• [AIM OF THE TASK]: All entries must come back exactly as given, with no pictures in the copy.

-- INPUT MATERIAL follows --

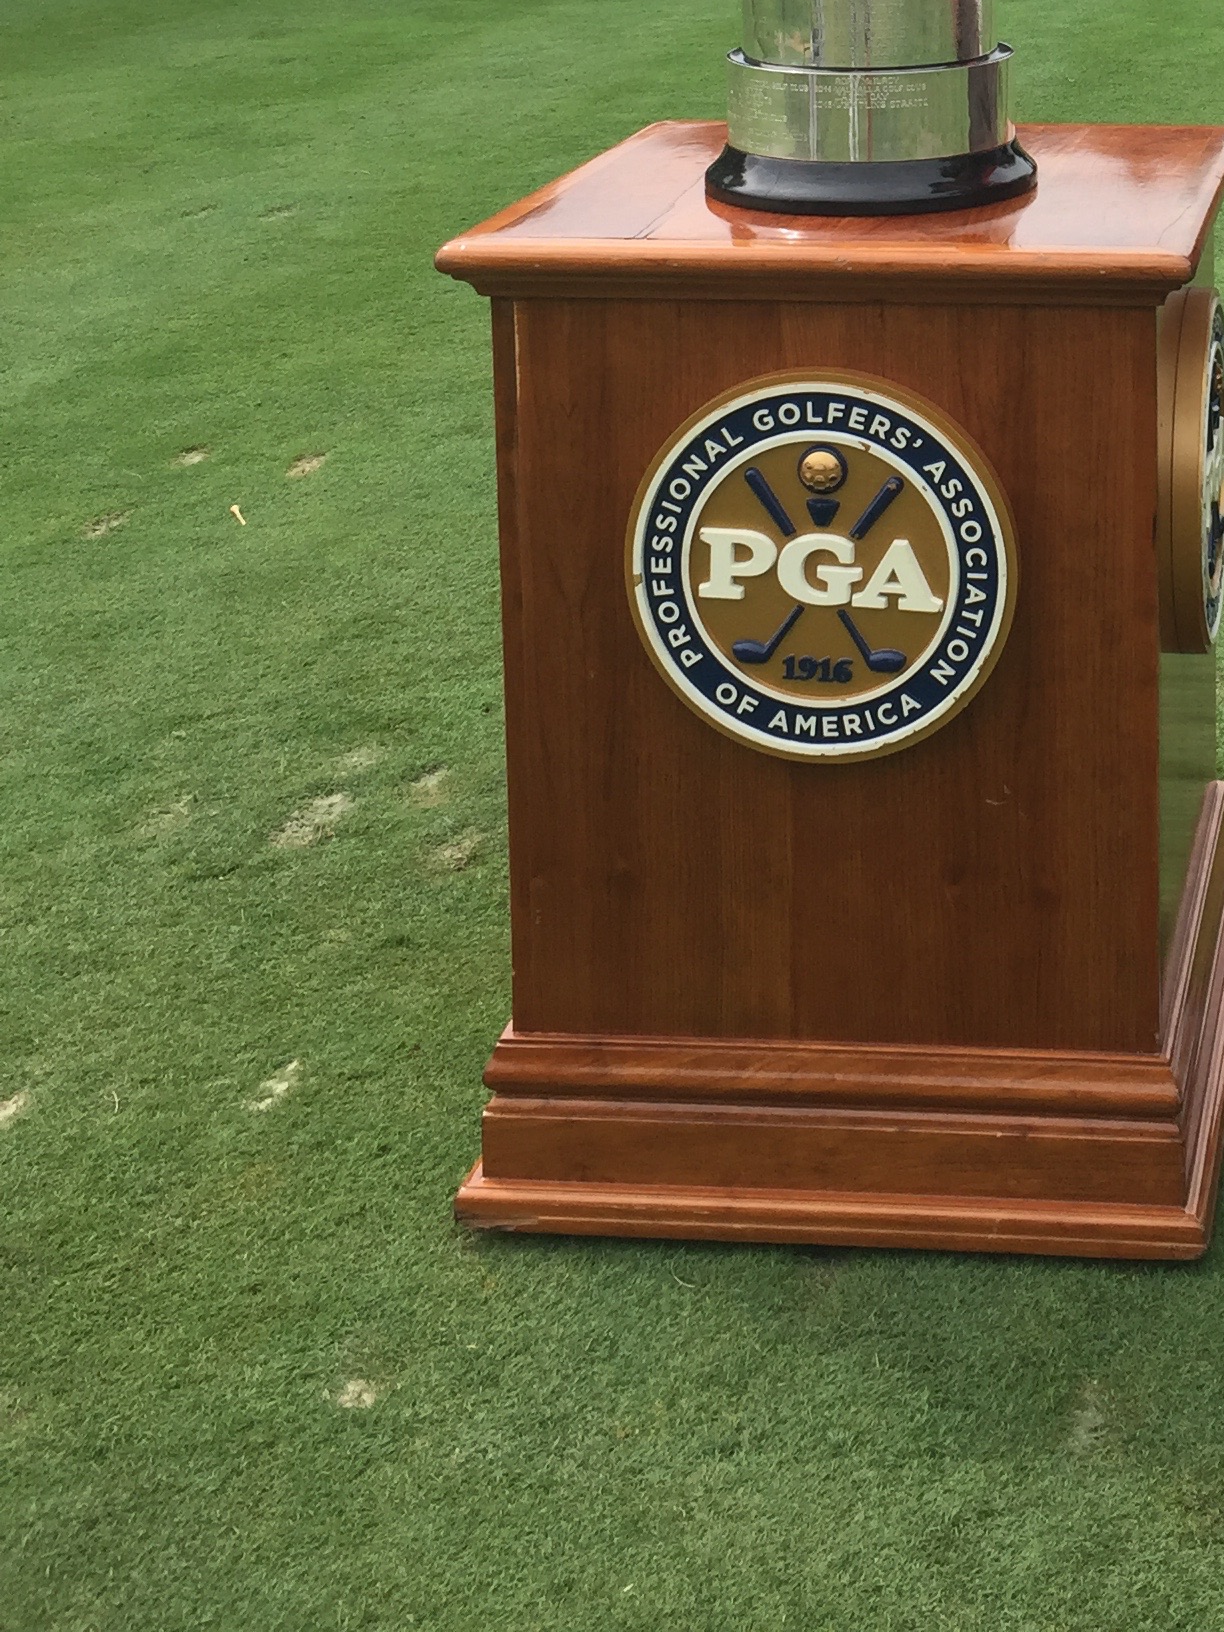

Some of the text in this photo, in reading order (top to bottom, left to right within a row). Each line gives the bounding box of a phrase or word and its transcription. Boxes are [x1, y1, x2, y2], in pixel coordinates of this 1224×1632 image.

[650, 427, 744, 669] PROFESSIONAL
[922, 460, 989, 687] ASSOCIATION
[698, 527, 944, 613] PGA
[781, 654, 854, 683] 1916
[715, 682, 922, 738] OF AMERICA
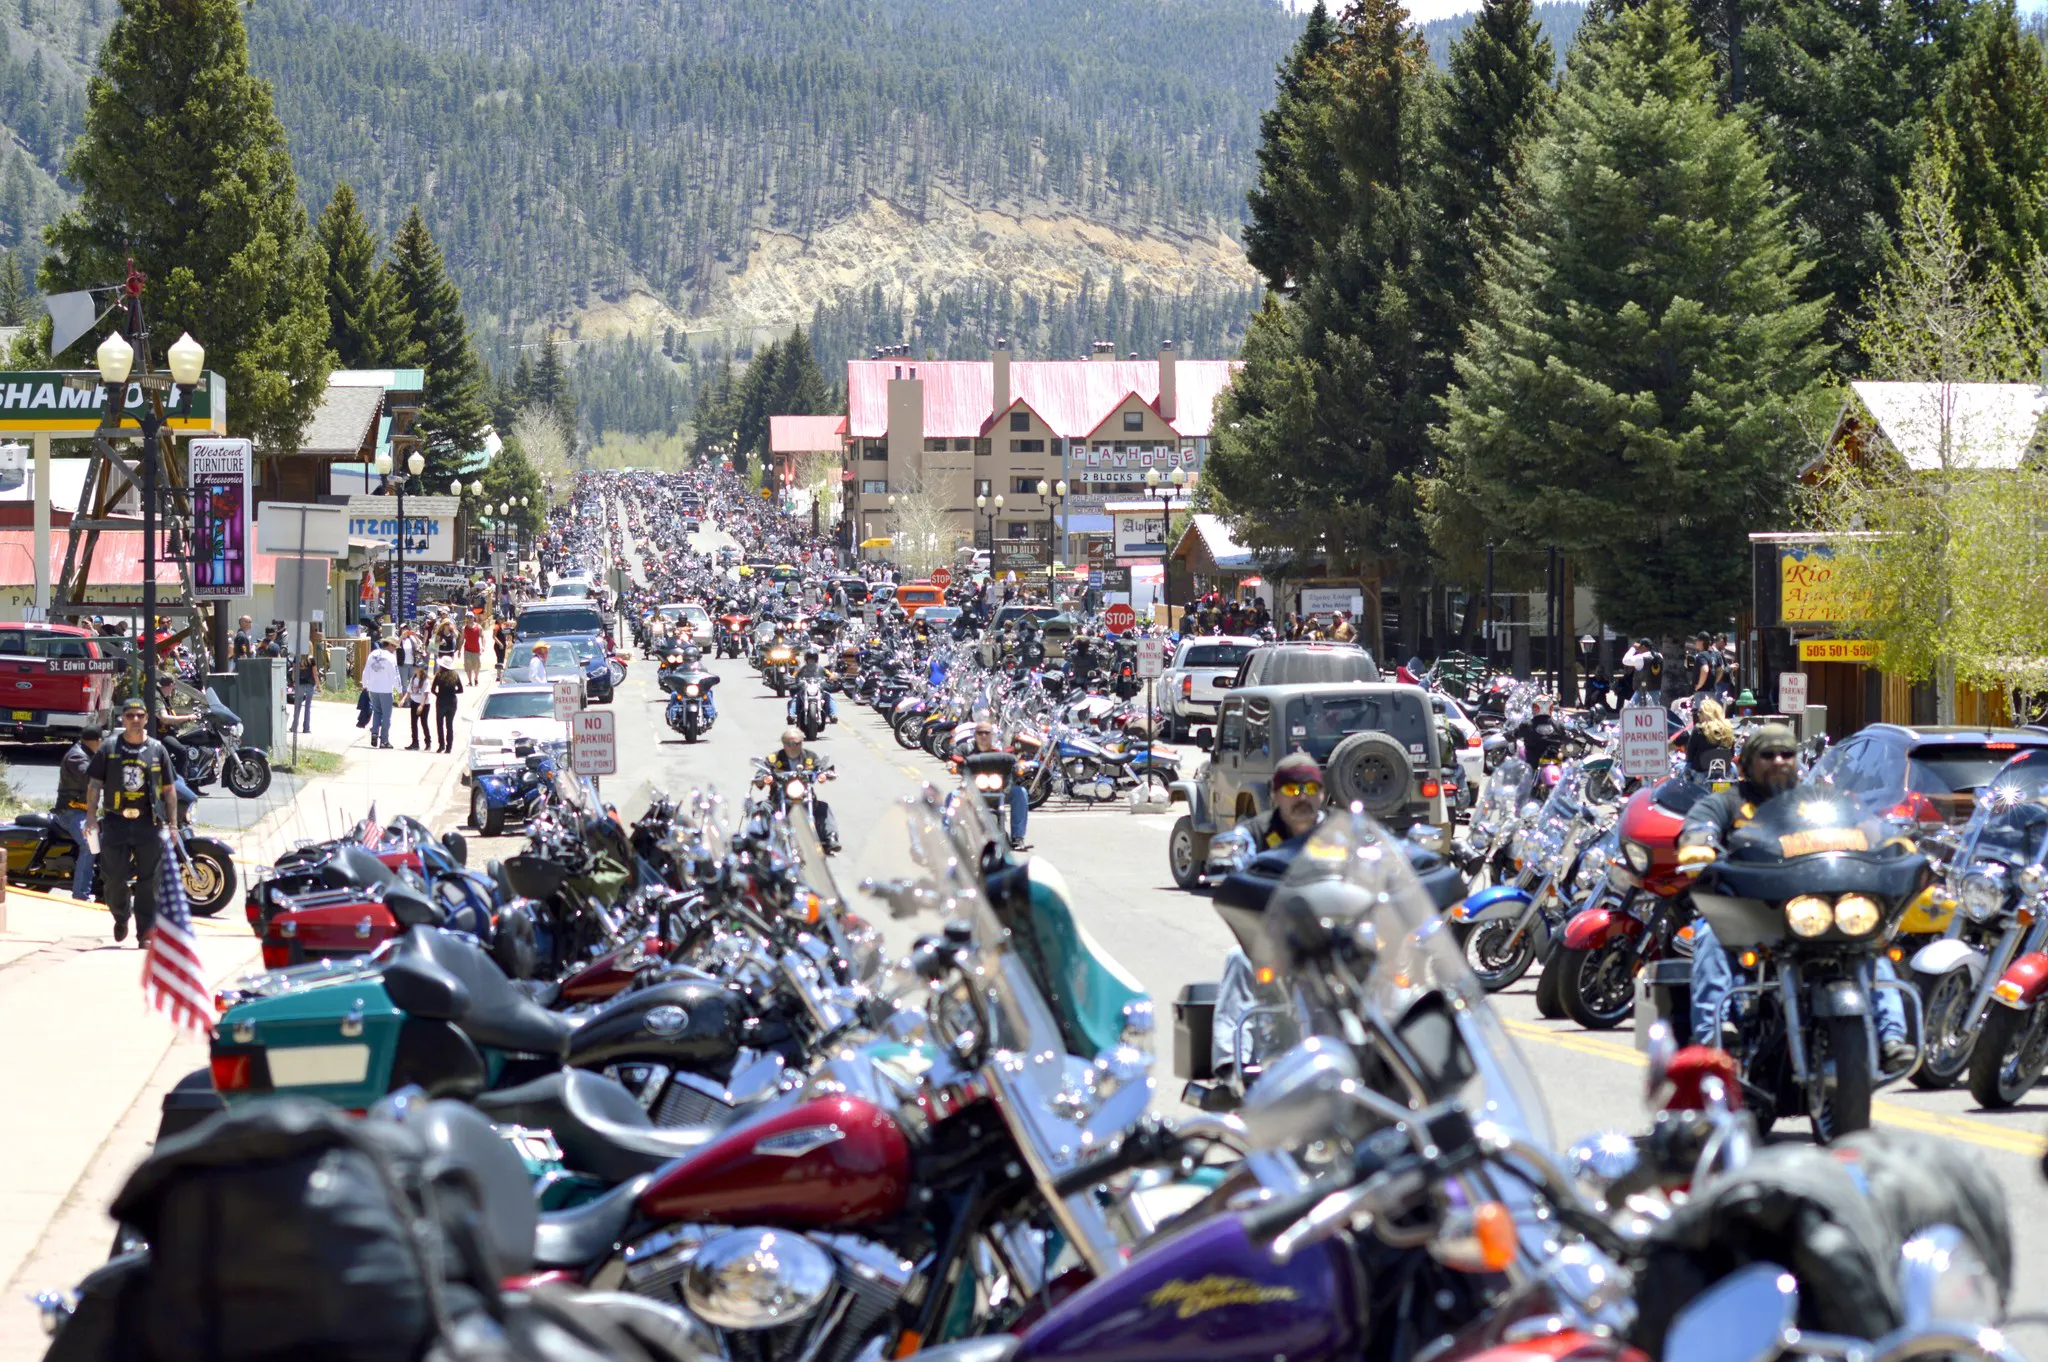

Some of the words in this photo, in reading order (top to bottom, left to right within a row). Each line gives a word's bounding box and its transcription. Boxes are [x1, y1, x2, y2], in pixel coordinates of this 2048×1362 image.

[194, 445, 243, 457] Westend
[1074, 447, 1194, 466] PLAYHOUSE
[194, 458, 244, 472] FURNITURE
[203, 474, 243, 484] Accessories
[1083, 473, 1088, 481] 2
[1093, 473, 1133, 481] BLOCKS
[1000, 545, 1018, 554] WILD
[1020, 545, 1040, 555] BILL'S
[423, 564, 473, 575] RENTALS
[438, 577, 467, 585] Jewelry
[931, 574, 949, 583] STOP
[1784, 564, 1831, 588] Rio
[222, 586, 230, 594] THE
[231, 586, 244, 594] VALLEY
[1106, 613, 1133, 625] STOP
[1785, 608, 1817, 620] 517
[1145, 642, 1156, 651] NO
[1806, 645, 1826, 657] 505
[1140, 651, 1161, 659] PARKING
[50, 661, 60, 671] St.
[63, 660, 86, 671] Edwin
[88, 660, 114, 672] Chapel
[1788, 677, 1798, 686] NO
[561, 686, 571, 695] NO
[1781, 687, 1804, 695] PARKING
[556, 696, 577, 704] PARKING
[585, 717, 602, 730] NO
[1635, 714, 1653, 727] NO
[575, 733, 612, 744] PARKING
[1625, 731, 1664, 743] PARKING
[581, 749, 607, 757] BEYOND
[1632, 748, 1659, 756] BEYOND
[594, 760, 612, 768] POINT
[1627, 760, 1641, 768] THIS
[1645, 760, 1664, 768] POINT

-- INPUT MATERIAL concluded --

• [RESPONSE]:
Some of the text in this photo, in reading order (top to bottom, left to right within a row). Each line gives the bounding box of a phrase or word and its transcription. Boxes are [x1, y1, x2, y2], in pixel coordinates of this 1224×1632 image.

[650, 427, 744, 669] PROFESSIONAL
[922, 460, 989, 687] ASSOCIATION
[698, 527, 944, 613] PGA
[781, 654, 854, 683] 1916
[715, 682, 922, 738] OF AMERICA

Some of the words in this photo, in reading order (top to bottom, left to right within a row). Each line gives a word's bounding box and its transcription. Boxes are [x1, y1, x2, y2], in pixel coordinates of this 2048×1362 image.

[194, 445, 243, 457] Westend
[1074, 447, 1194, 466] PLAYHOUSE
[194, 458, 244, 472] FURNITURE
[203, 474, 243, 484] Accessories
[1083, 473, 1088, 481] 2
[1093, 473, 1133, 481] BLOCKS
[1000, 545, 1018, 554] WILD
[1020, 545, 1040, 555] BILL'S
[423, 564, 473, 575] RENTALS
[438, 577, 467, 585] Jewelry
[931, 574, 949, 583] STOP
[1784, 564, 1831, 588] Rio
[222, 586, 230, 594] THE
[231, 586, 244, 594] VALLEY
[1106, 613, 1133, 625] STOP
[1785, 608, 1817, 620] 517
[1145, 642, 1156, 651] NO
[1806, 645, 1826, 657] 505
[1140, 651, 1161, 659] PARKING
[50, 661, 60, 671] St.
[63, 660, 86, 671] Edwin
[88, 660, 114, 672] Chapel
[1788, 677, 1798, 686] NO
[561, 686, 571, 695] NO
[1781, 687, 1804, 695] PARKING
[556, 696, 577, 704] PARKING
[585, 717, 602, 730] NO
[1635, 714, 1653, 727] NO
[575, 733, 612, 744] PARKING
[1625, 731, 1664, 743] PARKING
[581, 749, 607, 757] BEYOND
[1632, 748, 1659, 756] BEYOND
[594, 760, 612, 768] POINT
[1627, 760, 1641, 768] THIS
[1645, 760, 1664, 768] POINT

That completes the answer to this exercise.